Babies do what they want to do. Bee has a lot in common with his big brother – happy, silly, smart, adorable. But he is his own little person, with his own “wiring” and temperament. I can influence who he becomes but I can’t fundamentally change who he is. Research bears this out. For example, babies show signs of temperament very early on – before the environment has had a chance to have a significant impact – and although that temperament can be altered somewhat, it generally does not change dramatically. So, the environment can help determine whether a wary baby becomes more relaxed or a nervous wreck, but there isn’t much mom and dad can do to turn their slow-to-warm child into a boisterous extrovert. I think appreciating this can really help us as parents – sort of like the mantra of 12 Step Programs to change the things we can, accept the things we can’t, and have the wisdom to know the difference. Help our kids be their best selves, whatever that might be for each child.
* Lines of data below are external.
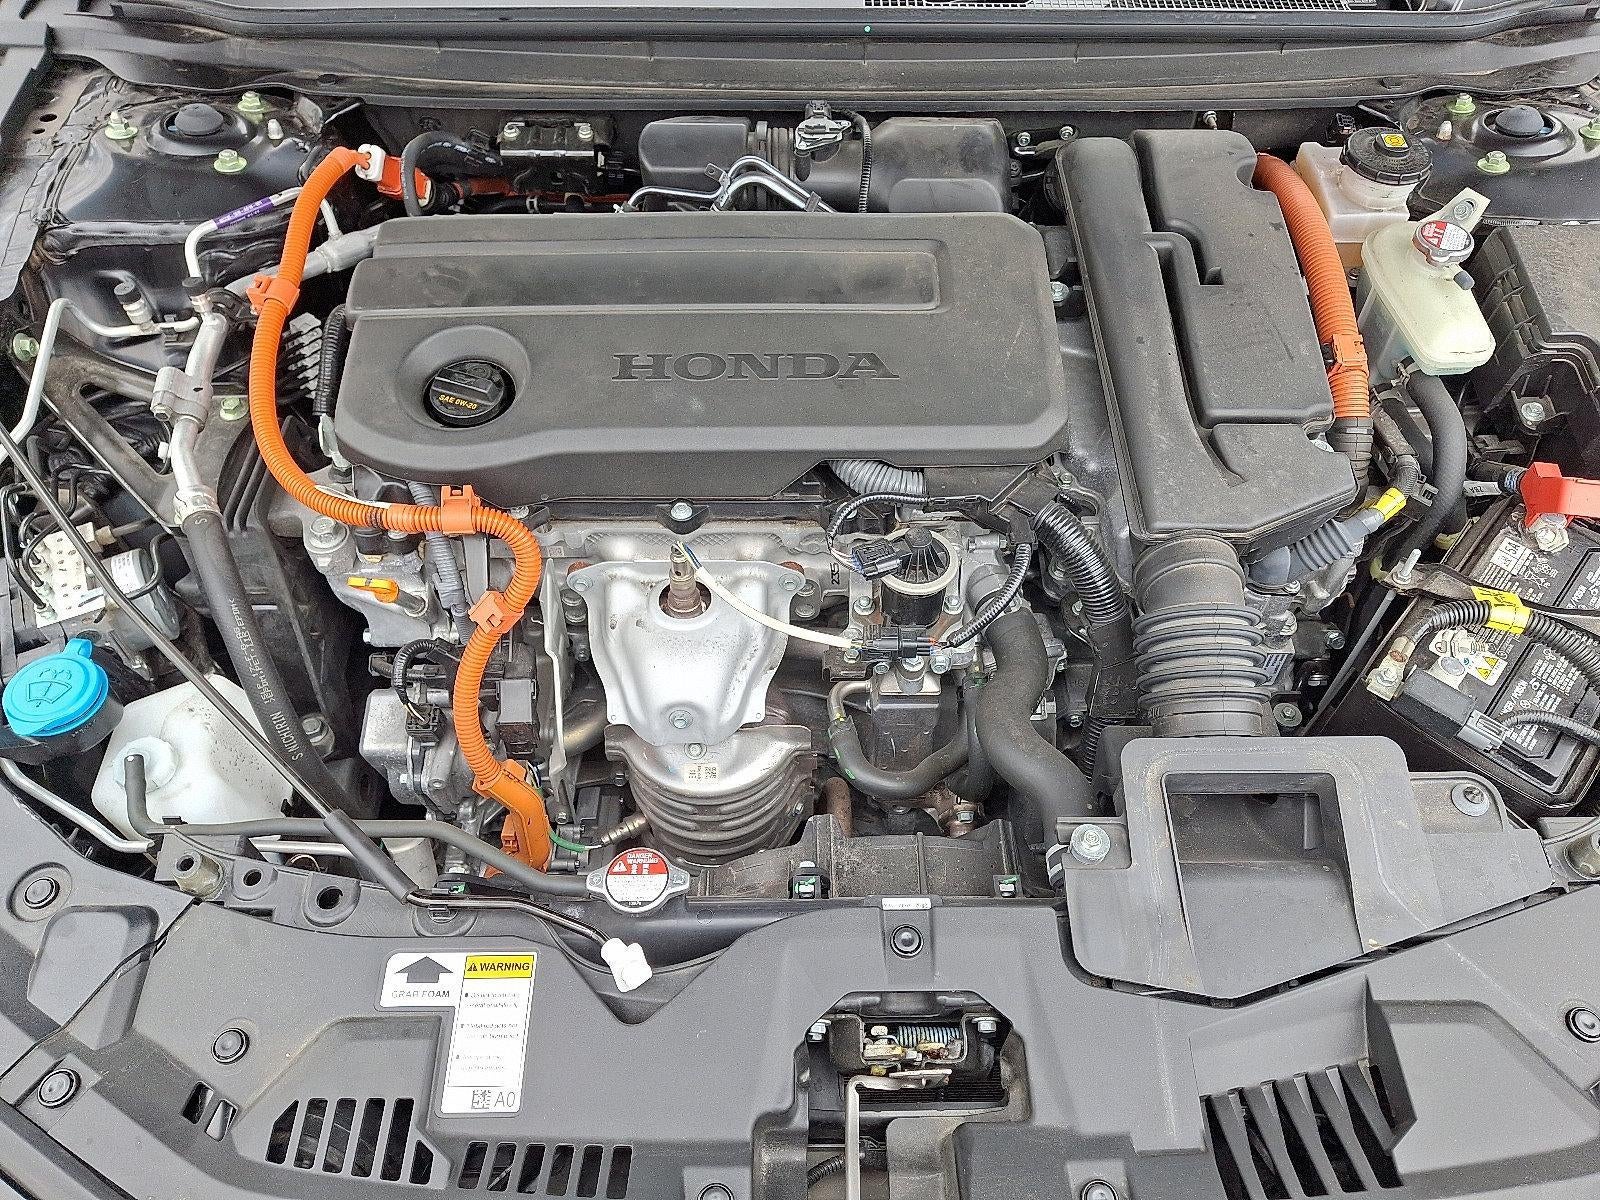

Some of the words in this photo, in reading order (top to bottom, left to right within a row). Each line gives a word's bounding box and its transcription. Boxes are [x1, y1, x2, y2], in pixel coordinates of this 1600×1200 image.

[611, 352, 900, 381] HONDA
[438, 394, 456, 404] SAE
[455, 399, 478, 411] 0W-20
[479, 962, 531, 972] WARNING
[422, 990, 450, 998] FOAM
[494, 1091, 516, 1108] A0
It’s also become so clear to me how siblings really do not have the same family experience. Sure, in a general sense it is the same. Both my boys are growing up in a two-parent household, living in a middle class neighborhood, with a working mom, enjoying summer beach vacations, etc., etc. But Zippy had three years of life where he was the center of the universe. He had two parents’ undivided attention and he relished in it. As much as he loves being a big brother, he’s tasted life as an “only” and had to adjust to sharing the limelight. For Bee, however, there have always been three stars in his universe – Mommy, Daddy, and Big Brother. He’s doing things so much earlier than Zippy – not only because we were more overprotective as first time parents, but also because he wants to do what his big brother does (like ride a scooter and brush his own teeth). He is much better than Zippy at entertaining himself and playing independently, which I attribute to the fact he’s always had to share our attention.
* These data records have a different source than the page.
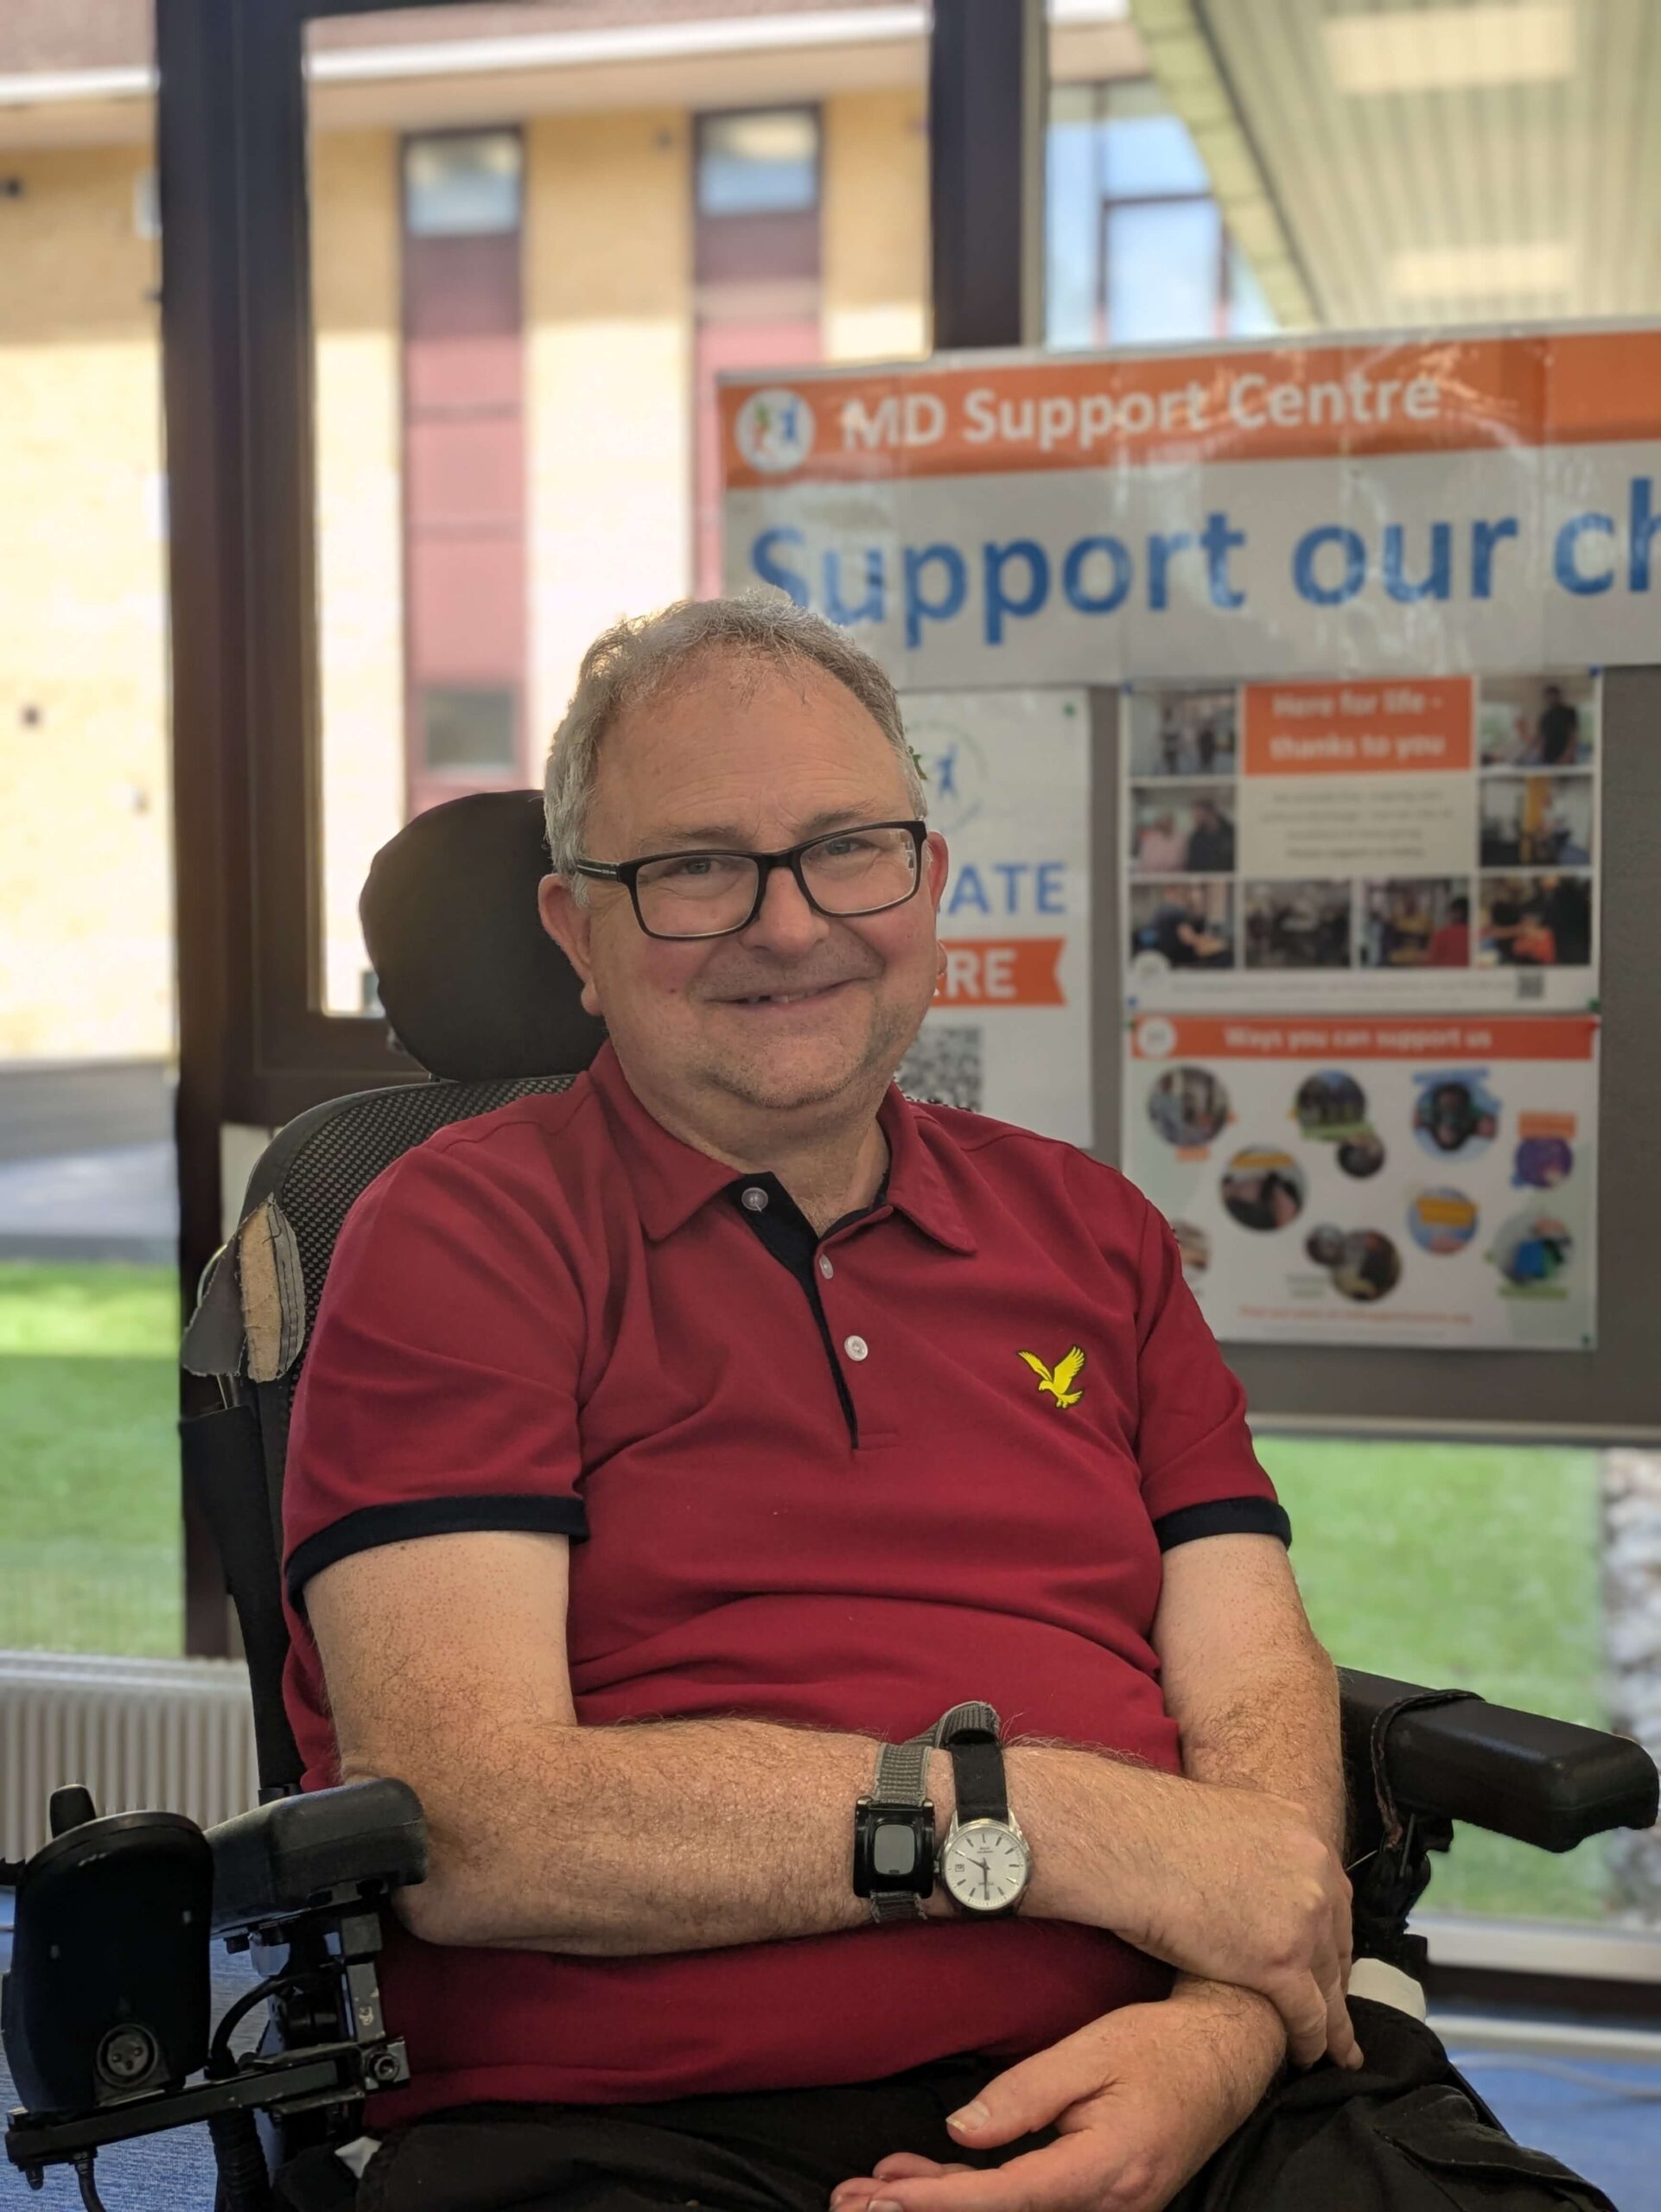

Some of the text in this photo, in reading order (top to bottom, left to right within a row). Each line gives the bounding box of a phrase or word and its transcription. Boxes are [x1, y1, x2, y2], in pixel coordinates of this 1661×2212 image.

[841, 371, 1441, 451] MD Support Centre
[748, 512, 1245, 649] Support
[1291, 517, 1518, 607] our
[1272, 692, 1333, 718] Here
[1340, 689, 1377, 716] for
[1270, 731, 1446, 762] thanks to you
[938, 862, 1066, 914] ATE
[935, 950, 1017, 997] RE
[1223, 1027, 1492, 1052] Ways you can support us
Then lately I’ve witnessed the effect of siblings on behavior. Zippy was a sensitive, nonviolent little soul when he was Bee’s age. A little rough-housing at daycare, maybe, but nothing significant. Again, I chalked up Zippy’s behavior to our great parenting – no fighting at home, Dora instead of Sponge Bob, loving parents teaching him good coping skills. Then last week Bee started chucking shoes at his brother’s head. Hmmm. To what do we owe this pleasure? In hindsight, Zippy never needed to be aggressive. There was no competition at home. No one playing with the toy he wanted. No one sitting on Mommy’s lap when he wanted a snuggle. Bee, however, is dealing with all these things and has the coping skills of a 22-month-old to deal with them. Hence the shoe-throwing. I still think we’re doing a good job as parents. I’m just learning not everything is 100% under our control and there are a lot of things that influence a child’s behavior.
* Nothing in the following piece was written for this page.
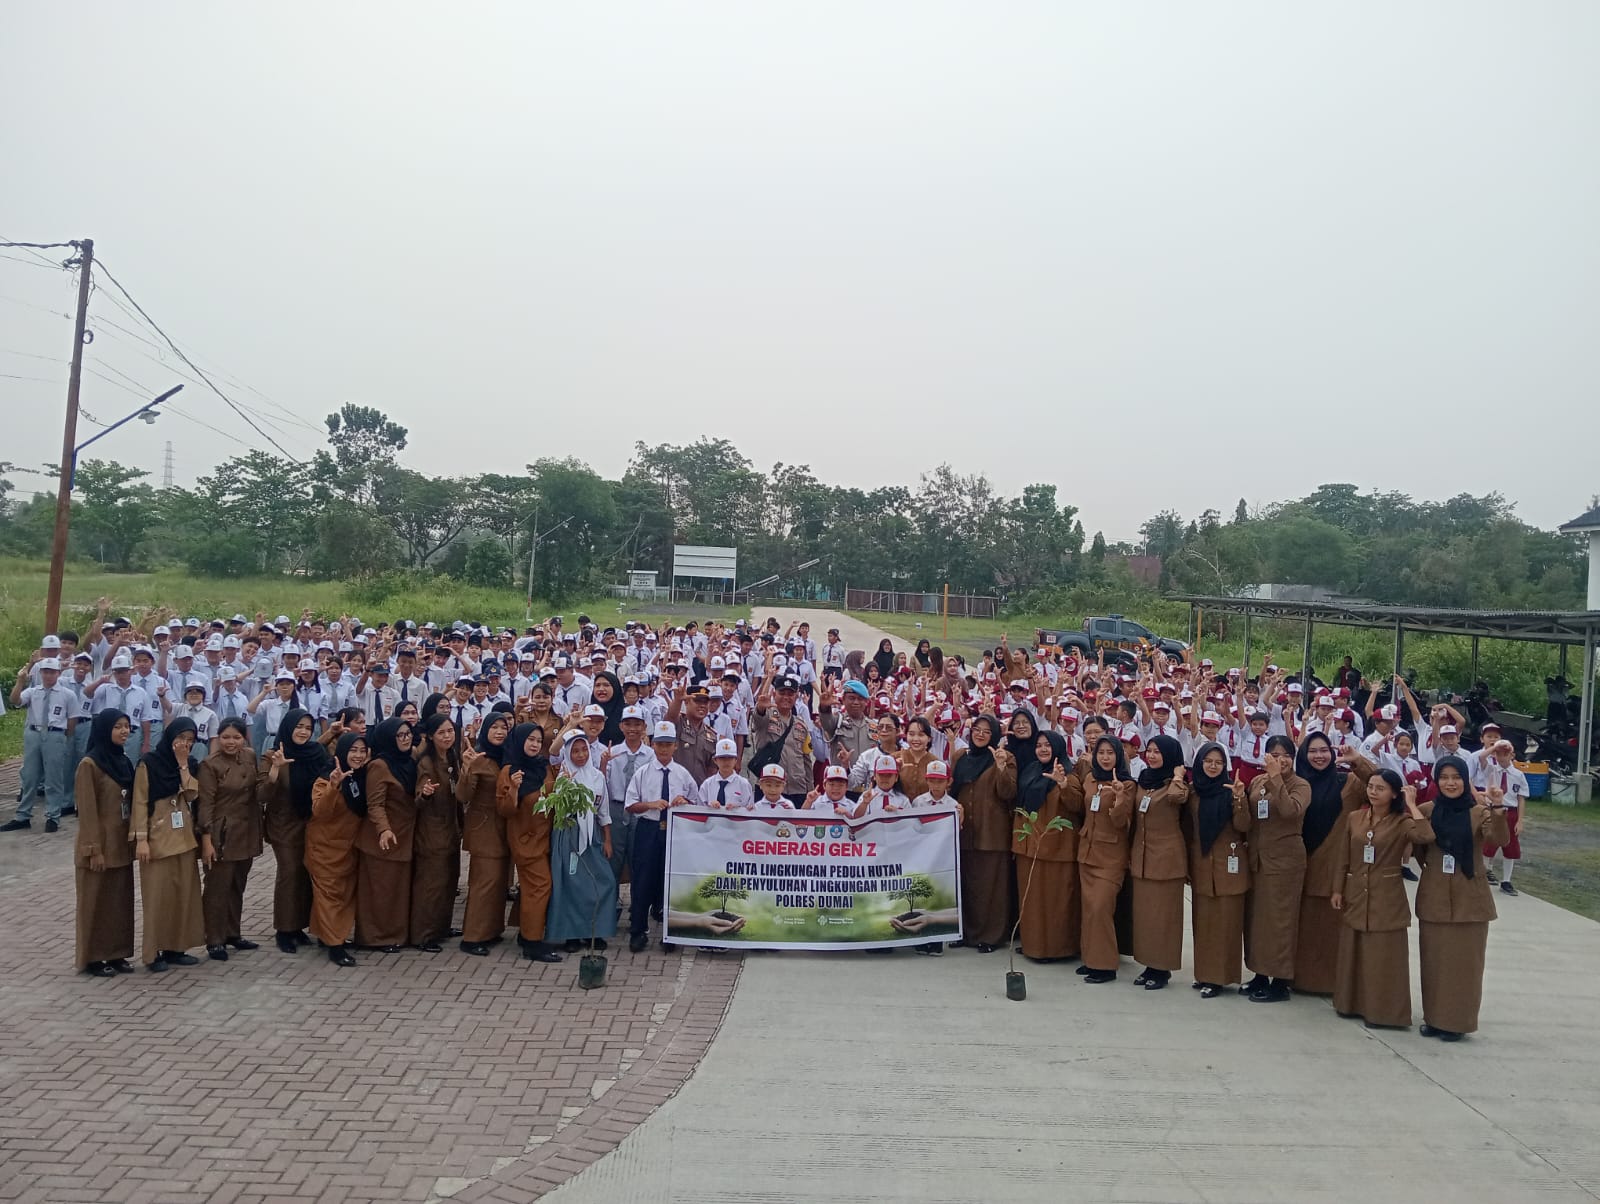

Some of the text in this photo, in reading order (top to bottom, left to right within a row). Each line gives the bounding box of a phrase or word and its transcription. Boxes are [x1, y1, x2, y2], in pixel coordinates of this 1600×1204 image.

I guess the lesson in all of this is that our kids are shaped by so many factors. How we parent them is definitely important – I’m in no way saying that it isn’t. But there are also a lot of things out of our control that play a role. I think recognizing those other factors helps to put things into perspective. Now, when I hear a mom say her toddler still isn’t sleeping through the night, I save my judgment and nod sympathetically.